In Washington State’s rural Methow Valley, residents can borrow tools, pick up surplus building supplies, drop off kitchen waste for composting, or have broken items repaired — all for free, or nearly free. These things are part of the local recycling center’s efforts to create a circular economy — one that, as the U.S. Environmental Protection Agency puts it, “keeps materials, products, and services in circulation for as long as possible.” 

The recycling center, Methow Recycles, has teamed up with five other local organizations to explore ways in which the whole community can become less reliant on new and imported resources while the area’s economy continues to thrive and grow.  

The team is led by TwispWorks, a nonprofit economic development organization, and includes representatives from business, waste-management organizations, and academia. The Washington State Department of Commerce is providing both financial support and technical guidance to help the partners explore ideas and develop practical solutions.  
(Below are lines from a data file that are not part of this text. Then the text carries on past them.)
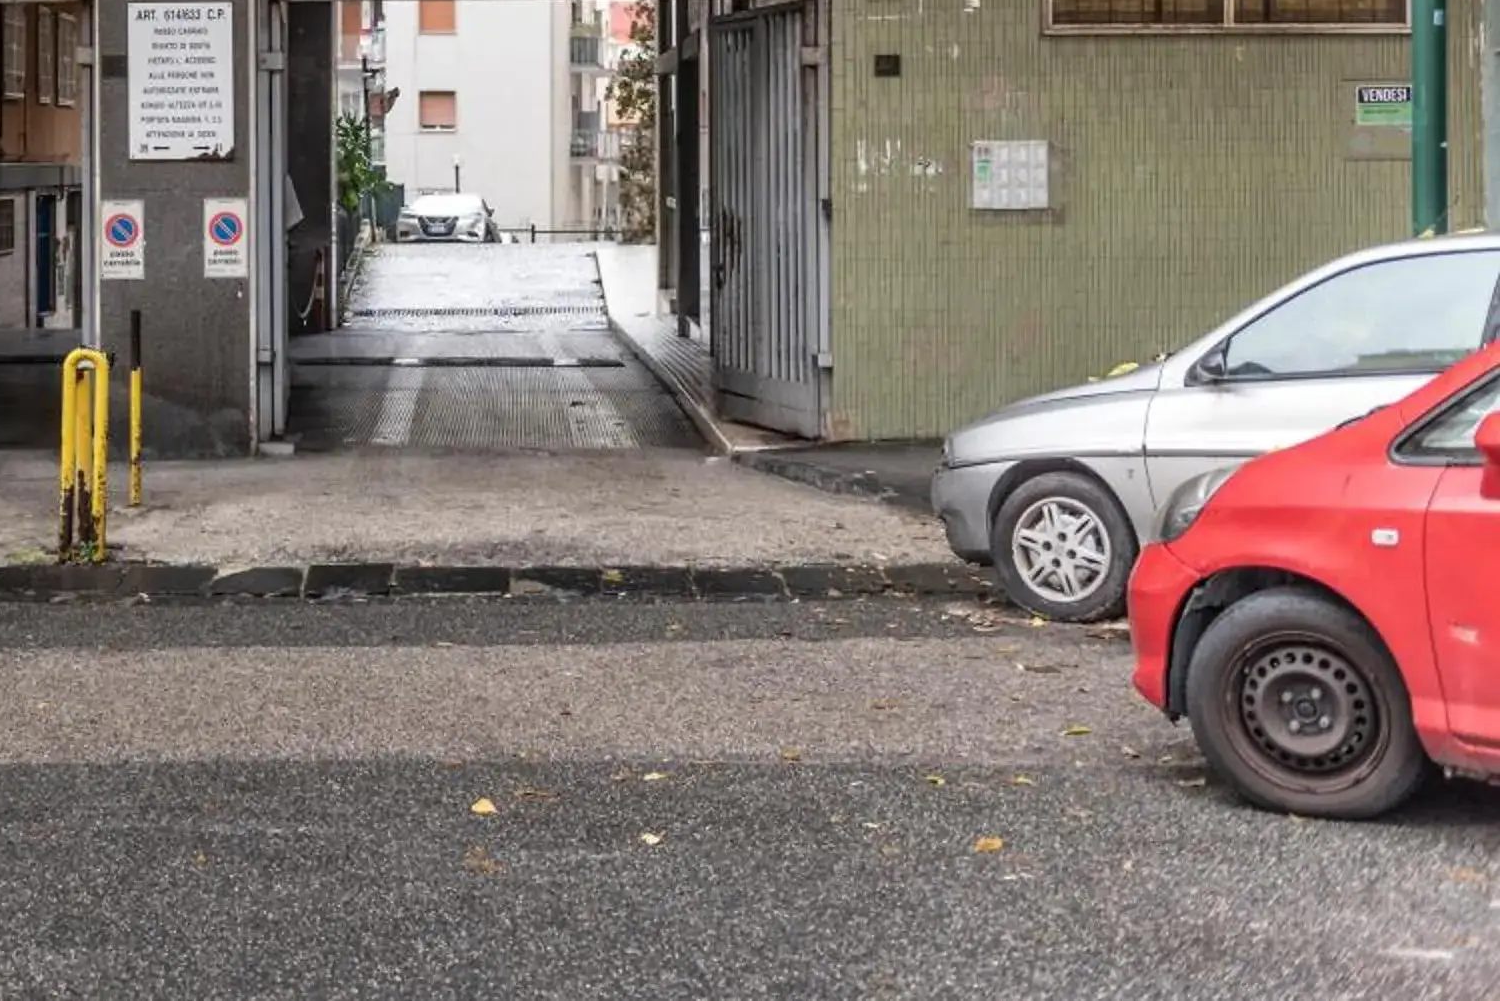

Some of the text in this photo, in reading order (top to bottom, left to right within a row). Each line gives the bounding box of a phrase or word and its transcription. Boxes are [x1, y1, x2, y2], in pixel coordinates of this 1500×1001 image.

[135, 9, 158, 21] ART.
[207, 8, 227, 20] C.P.
[1361, 88, 1407, 102] VENDESI
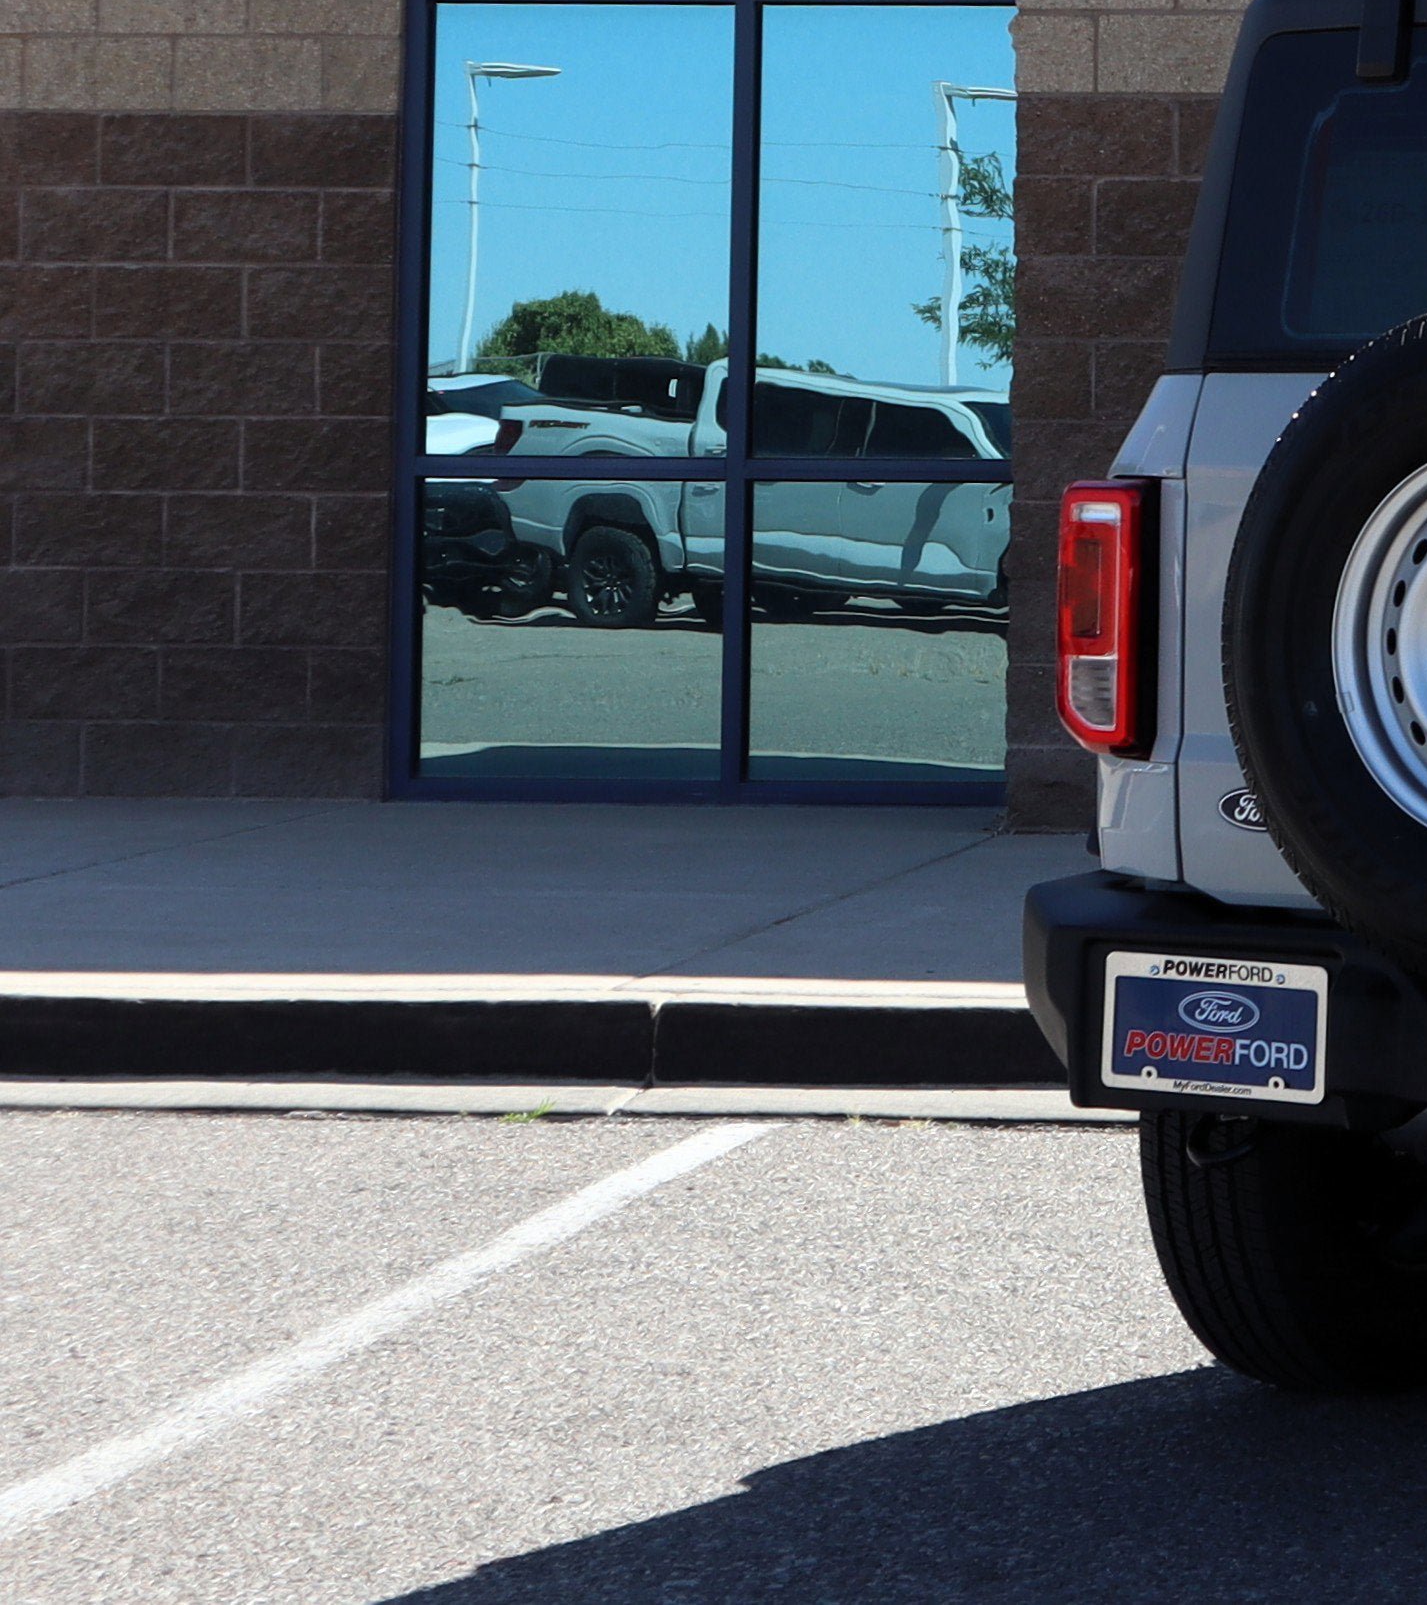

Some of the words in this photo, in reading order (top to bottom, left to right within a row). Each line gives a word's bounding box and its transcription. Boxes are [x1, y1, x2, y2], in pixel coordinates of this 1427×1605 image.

[1234, 794, 1264, 823] Fo
[1194, 997, 1244, 1025] Ford
[1172, 1079, 1252, 1095] MyFordDealer.com
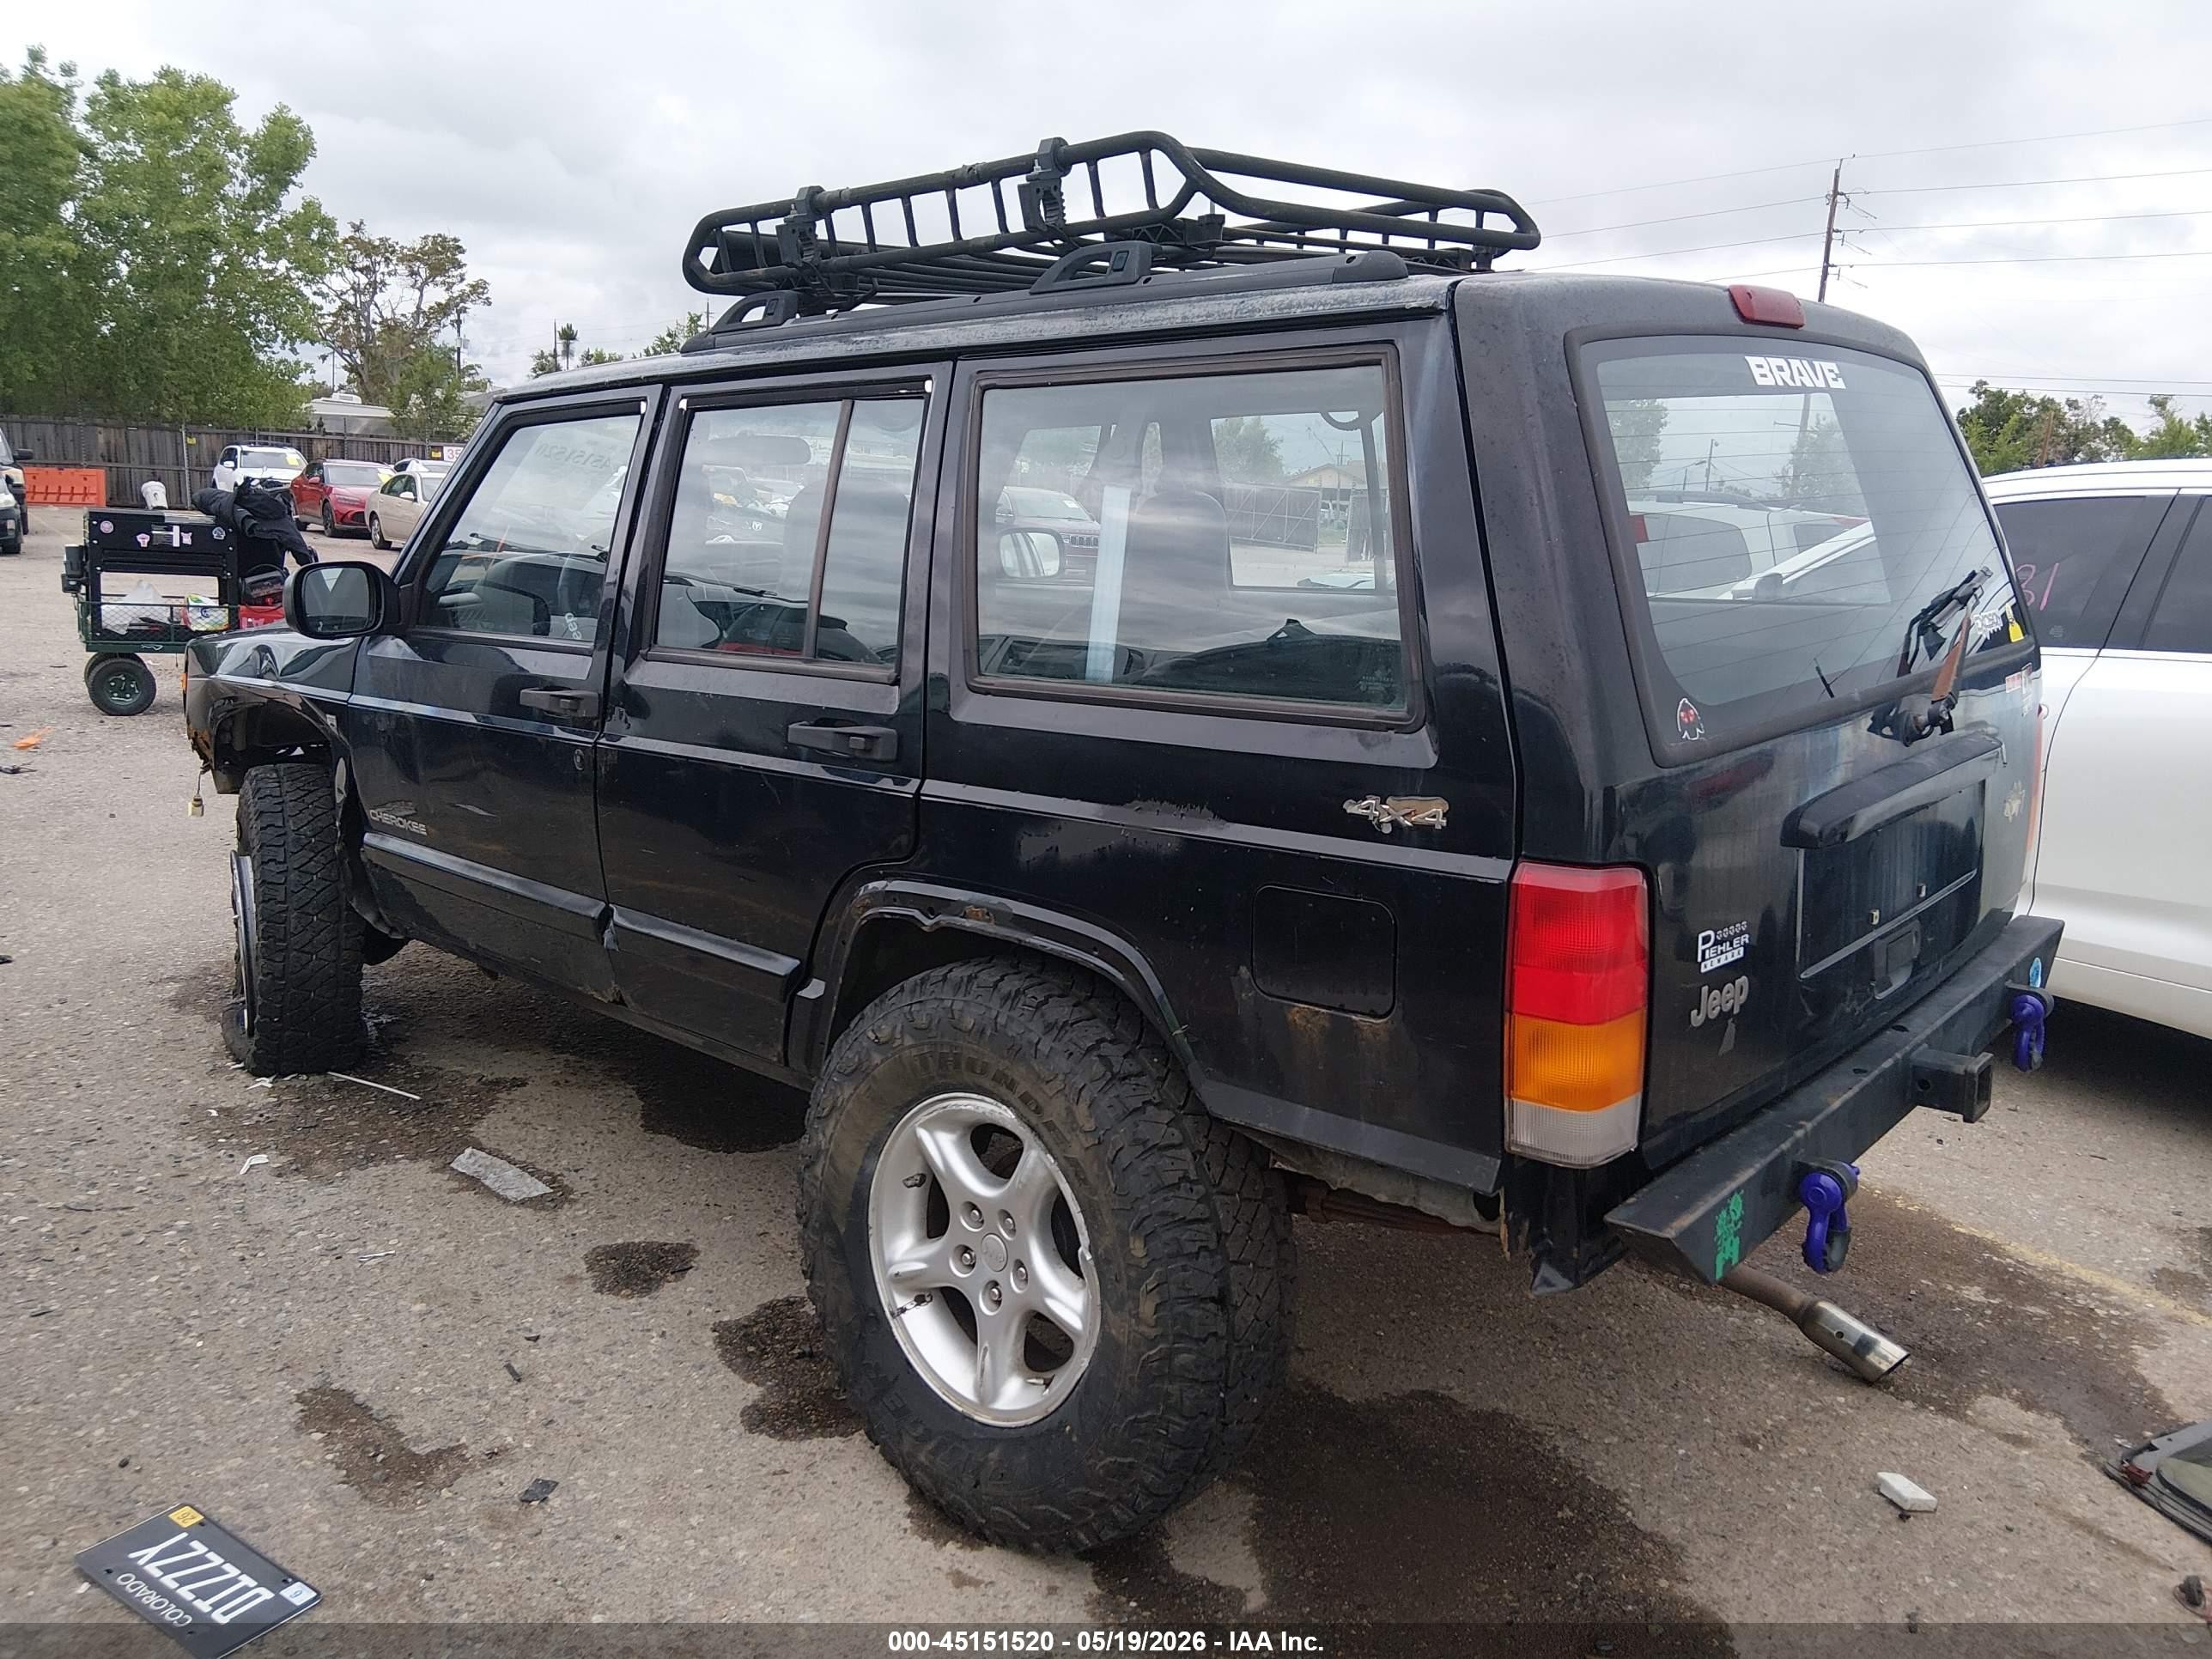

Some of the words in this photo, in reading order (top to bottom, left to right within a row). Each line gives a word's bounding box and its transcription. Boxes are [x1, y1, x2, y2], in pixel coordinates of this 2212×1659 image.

[1744, 356, 1846, 389] BRAVE
[564, 612, 582, 641] eep
[369, 809, 428, 836] CHEROKEE
[1697, 929, 1750, 963] PIEHLER
[1702, 947, 1743, 971] NEWARK
[1690, 975, 1749, 1027] Jeep
[127, 1532, 276, 1625] DIZZZY
[116, 1572, 193, 1627] COLORADO
Tucked against the east slope of the Cascade range, the Methow Valley is 200 miles from Seattle and more than an hour’s drive from the nearest commercial airport. Access is via two-lane highways, the most popular of which is closed for several months in the winter. The valley is home to about 6,000 people — including multi-generation ranching families, young farmers, and remote workers — who cherish the place for its beauty, quality of life, and strong sense of community.  

Bringing anything into the valley requires a lot of energy — and so does removing waste products. That’s one reason the project team is looking for ways to make better use of products and materials once they’ve reached the valley and is seeking ways to reuse materials that are commonly seen as waste. Making better use of what does come into the community will reduce the Methow Valley’s carbon footprint and help minimize their production of greenhouse gasses that contribute to climate change by decreasing the amount of fuel — and resultant fumes — needed to get things to the valley.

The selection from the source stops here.